Dipta

7.7K 364 10
                                    

Suara ketukan dari sepatu pantofel yang beradu dengan lantai marmer putih mengiringi langkah Dipta menyusuri lorong-lorong bangunan serba putih yang menjadi tempatnya bekerja. Bagian bawah jubah putih yang dia kenakan melambai mengikuti gerakan saat berbelok memasuki ruang praktiknya. Di depan pintu ruangannya terdapat papan bertuliskan dr. Alvin Pradipta, Sp.PD-KPsi. Dokter Spesialis Penyakit Dalam Konsultan Psikosomatik.

Dipta sedang membuka beberapa berkas pasien di meja saat pintu ruangannya tiba-tiba terbuka, memunculkan sosok pria dengan jubah dokter seperti yang dikenakannya.

"Selamat pagi, pengantin baru," sapa laki-laki itu seraya mendudukkan diri di kursi kosong depan Dipta. Senyum miring terbesit dari wajah tampannya.
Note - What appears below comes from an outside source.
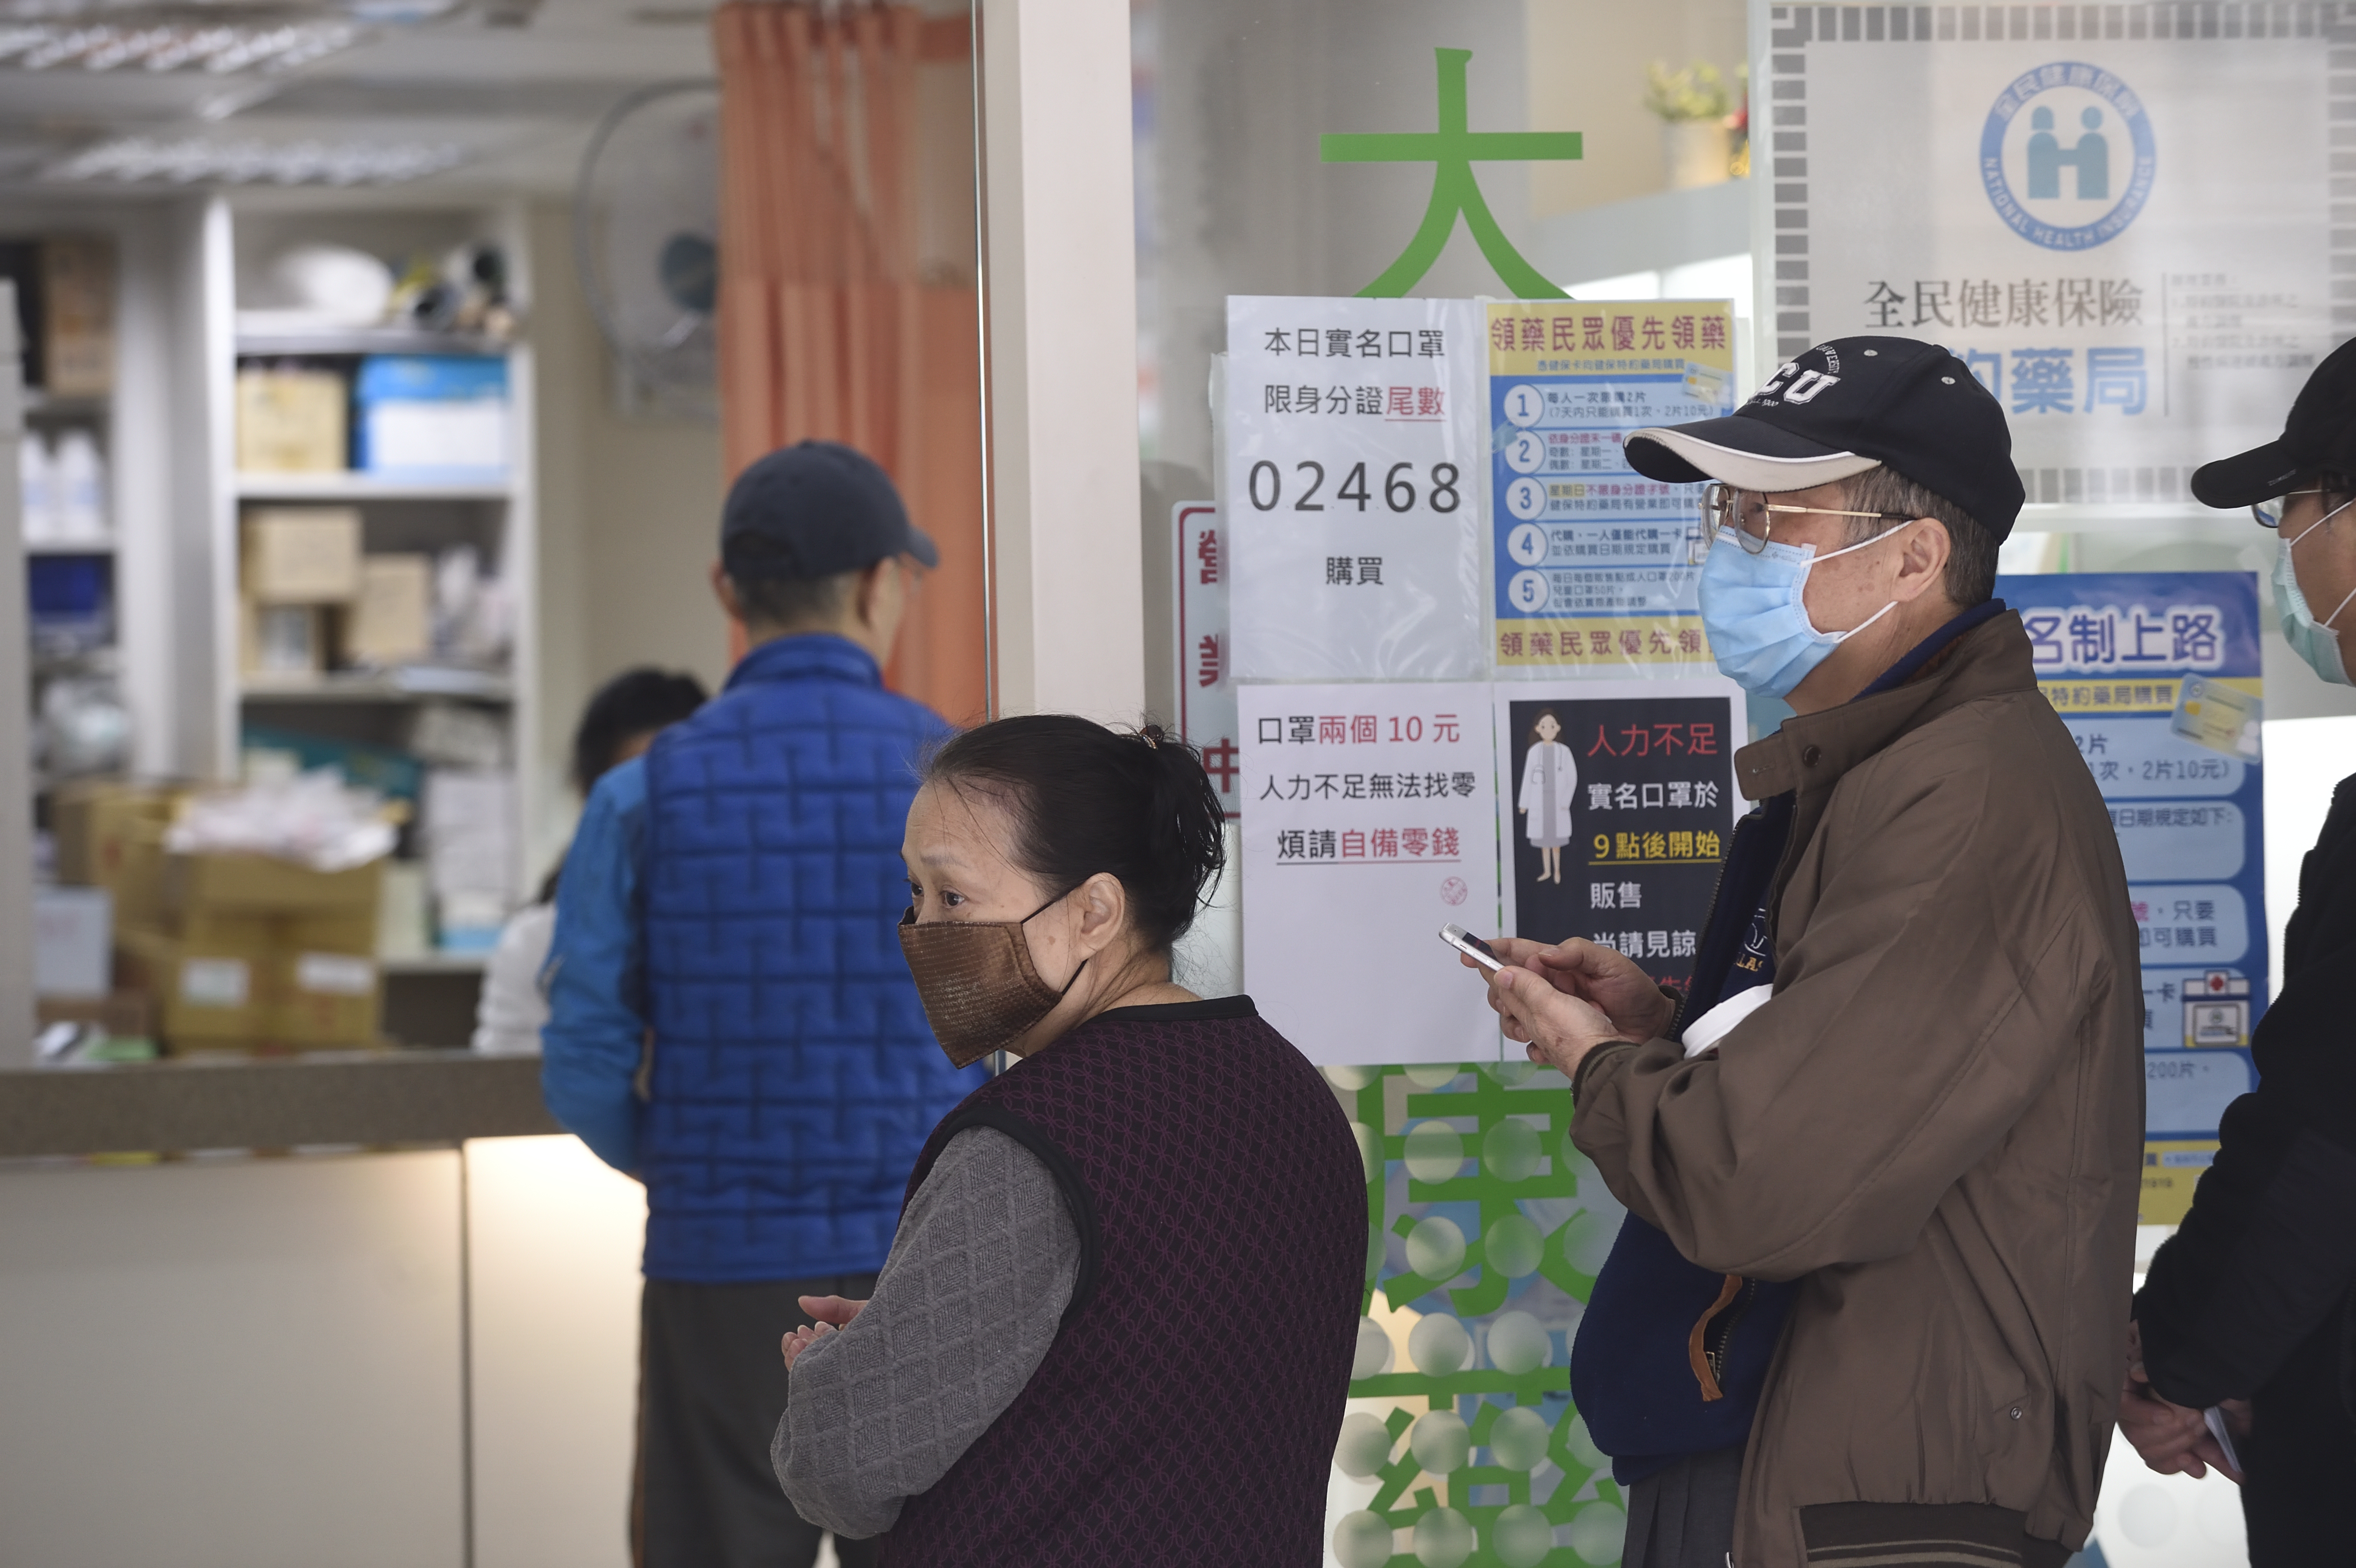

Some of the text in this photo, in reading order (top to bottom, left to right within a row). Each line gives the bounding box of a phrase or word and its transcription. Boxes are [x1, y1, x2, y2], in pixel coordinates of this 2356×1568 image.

Dipta menanggapi dengan enggan, "Mau apa kau kesini, Yudi?" Tanyanya dengan wajah datar tanpa mengalihkan pandangan dari berkas-berkas di tangan.

"Oho, ada apa, brother? Apa malam pertamanya nggak berjalan lancar? Ini bukan wajah yang biasa diperlihatkan pria yang baru menikah." Laki-laki yang dipanggil Yudi itu bertanya sambil menelungkupkan tangan di atas meja.

Dipta masih membalas dengan nada datar tanpa menatap rekan sejawat sekaligus sahabatnya itu. "Bukan urusanmu. Pergilah. Pasienmu sedang menunggu."

Mengabaikan perintah Dipta, laki-laki itu kembali bertanya, "Apa dia masih bersikap dingin sama lo?"

Kali ini Dipta mengangkat wajah. Sorot matanya begitu dingin dengan ekspresi datar, namun ada kilatan amarah yang terusik mendengar pertanyaan itu.

Bukannya takut, Yudi justru tergelak melihat ekspresi Dipta. Tanpa Dipta berkata pun Yudi sudah tau jawabannya.

"Ayolah, brother. Lo kan dokter idola di rumah sakit ini. Masa menaklukkan hati seorang Aina aja lo nggak bisa? Apa harus gue yang turun tangan?" Tanya Yudi dengan senyum lebar dan alis yang naik turun.

"Sudah, Yudi. Pergilah. Aku sedang tidak ingin diganggu. Pekerjaanku masih banyak." Yudi terkekeh pelan.

"Oke, oke, gue pergi. Takut ganggu singa yang nggak dikasih jatah malam pertama," ucap Yudi sambil melangkah meninggalkan ruangan Dipta diiringi tawa yang terdengar bahkan saat dia sudah di luar.

//

Jam tujuh malam Dipta memarkirkan mobil di garasi, memasuki rumah dengan kantong plastik berisi makanan di tangan. Diletakkannya kantong plastik itu di meja makan lalu segera menaiki tangga menuju kamar, mencari sang istri.

Selama satu minggu mereka menikah, Dipta memang selalu membeli makan untuk mereka berdua. Itu karena Aina tidak bisa memasak, dan Dipta belum sempat mencari orang untuk dipekerjakan di rumahnya.

Dipta mengetuk pintu kamar dan melangkah masuk setelah terdengar suara Aina berkata, "Masuk."

"Makan malamnya ada di bawah. Kamu turun dulu, aku mau ganti baju," ujarnya kepada Aina yang duduk di ranjang dengan laptop di pangkuan.

Aina mengangguk singkat lalu menutup laptop dan beranjak turun dari ranjang. "Soto ayam, kan?" Aina menyempatkan bertanya.

"Iya. Sesuai pesananmu," jawab Dipta tepat sebelum pintu kamar tertutup. Setelah mengganti baju dengan pakaian yang lebih santai, dia menyusul Aina yang sudah lebih dulu berada di ruang makan.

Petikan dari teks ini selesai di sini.